Interconected, globalized economies mean there's nowhere to hide from the downturn
WASHINGTON— The lengthening shadow over the world’s economy illustrates one of the consequences of globalization: There’s nowhere to hide.
Six of the 17 countries that use the euro currency are in recession. The U.S. economy is struggling again. And the economic superstars of the developing world—China, India and Brazil—are in no position to come to the rescue. They’re slowing, too.
Economies around the world have never been so tightly linked—which means that as one region weakens, others do too. That’s why Europe’s slowdown is hurting factories in China. And why those Chinese factories are buying less iron ore from Brazil.
The International Monetary Fund has reduced its forecast for world growth this year to 3.5 per cent, the slowest since a 0.6 per cent drop in 2009. Some economists predict the global economy will grow just 2.5 per cent.
For now, few foresee another global recession. Central banks in China, Britain, Brazil, South Korea and Europe have cut interest rates in the past month to try to jolt growth.
But many economists say European policymakers aren’t moving fast enough to strengthen European banks and ease borrowing costs for Italy and Spain. They fear the global impact if Europe’s economy deteriorates further.
Around the world, sales are falling and there’s little margin for error: unemployment is already at recession levels in Europe and the U.S., where the world’s biggest economy—which has long pulled the global economy out of slumps—now needs help.
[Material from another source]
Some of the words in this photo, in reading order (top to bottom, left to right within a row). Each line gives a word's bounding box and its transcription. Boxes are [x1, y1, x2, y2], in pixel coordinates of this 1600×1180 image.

Three years after the Great Recession officially ended, the American economy can’t maintain momentum. For the third straight year, growth has stalled at mid-year after getting off to a promising start.
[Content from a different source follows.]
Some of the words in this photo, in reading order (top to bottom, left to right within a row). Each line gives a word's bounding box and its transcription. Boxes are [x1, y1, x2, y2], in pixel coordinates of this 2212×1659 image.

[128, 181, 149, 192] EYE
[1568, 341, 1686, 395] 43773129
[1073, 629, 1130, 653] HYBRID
Unemployment stood at 8.2 per cent in June—the 41st straight month it’s been above 8 per cent.
Economists are downgrading estimates of economic growth in the April-June quarter. When the government releases its first estimate on Friday, many think it won’t even match the first quarter’s sluggish 1.9 per cent annual pace.
The global slowdown is squeezing U.S. exports, which have accounted for an unusually large 43 per cent share of U.S. growth since the recession officially ended in June 2009.
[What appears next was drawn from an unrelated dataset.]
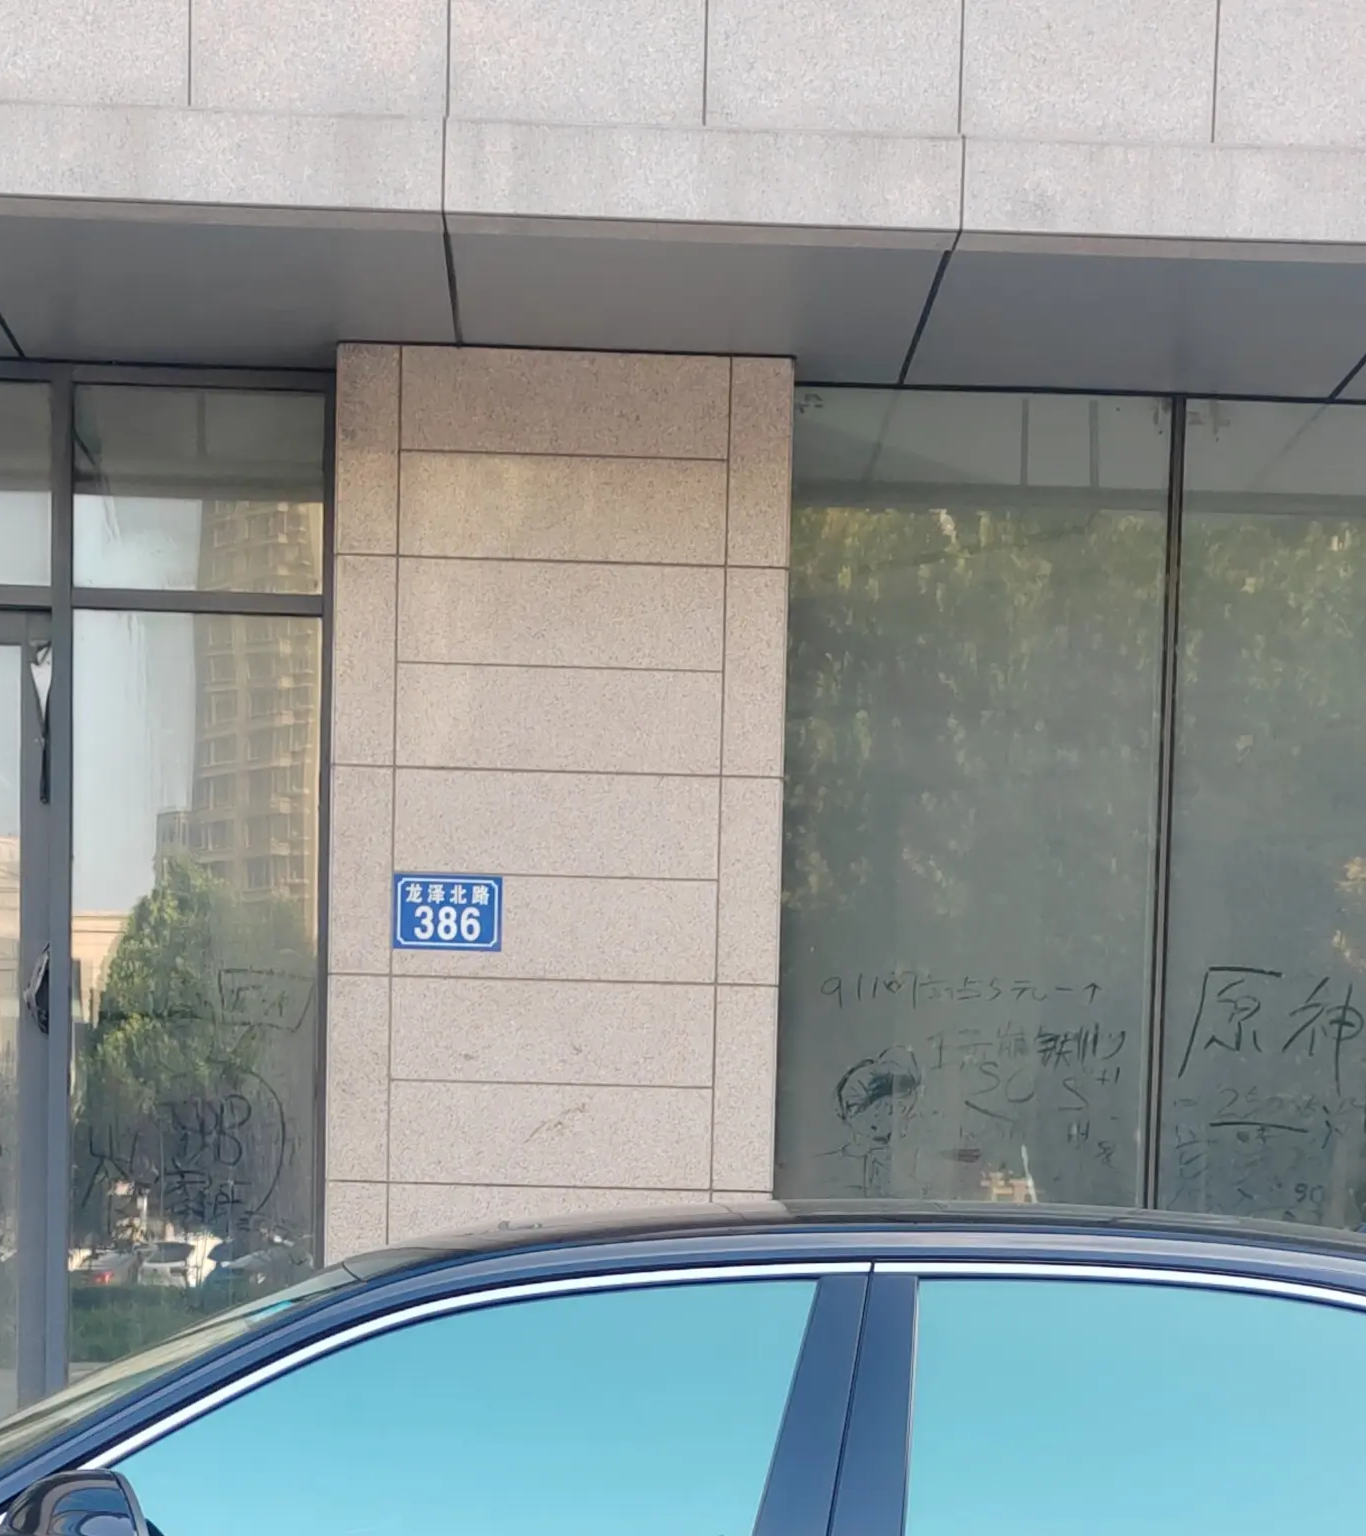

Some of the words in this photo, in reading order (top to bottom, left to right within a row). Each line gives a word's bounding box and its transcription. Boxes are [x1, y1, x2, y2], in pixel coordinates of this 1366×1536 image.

[405, 883, 490, 905] 龙泽北路
[414, 905, 481, 941] 386
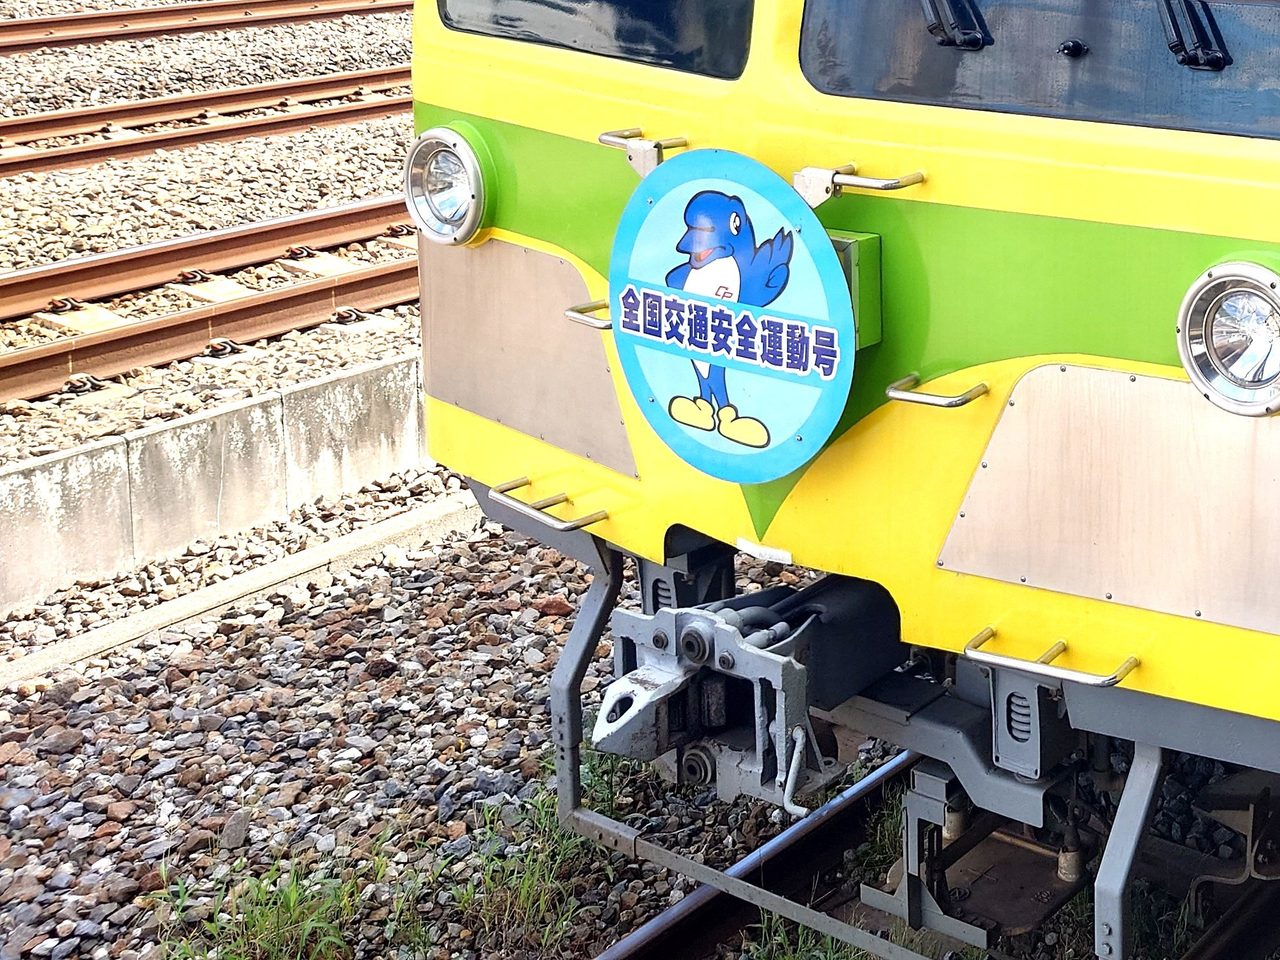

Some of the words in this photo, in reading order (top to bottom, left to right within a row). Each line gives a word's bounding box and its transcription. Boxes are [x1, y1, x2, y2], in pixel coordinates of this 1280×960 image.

[621, 288, 838, 376] 全国交通安全運動号
The IMF has warned of a spillover to the rest of the world if the U.S. economy falls off the so-called fiscal cliff.
Europe’s obstacles are even more severe. Faced with crushing government debts, struggling banks and scant economic growth, unemployment in the 17 countries that use the euro is 11 per cent, the highest since the euro was adopted in 1999.
Greece, Portugal, Italy and Spain are in recessions. Germany and France are faring better, but both are likely to post growth below 2 per cent.
The European Commission predicts the 17-country eurozone economy will shrink 0.3 per cent this year, but many economists are predicting a bigger drop.
BRIC slowing too
In the latest wallop to the global economy, China’s economic growth fell to a three-year low. The world’s second-largest economy grew 7.6 per cent in the April-June quarter—the slowest growth since early 2009.
The slowdown is partly deliberate. In 2010 and 2011, Chinese officials raised interest rates and took other steps to tame inflation and cool an overheated real estate market.
But China is also feeling Europe’s economic squeeze: exports to Italy dropped 24 per cent in June from a year earlier. Exports to France fell 5 per cent, those to Germany nearly 4 per cent. Europe buys about 17 per cent of China’s exports.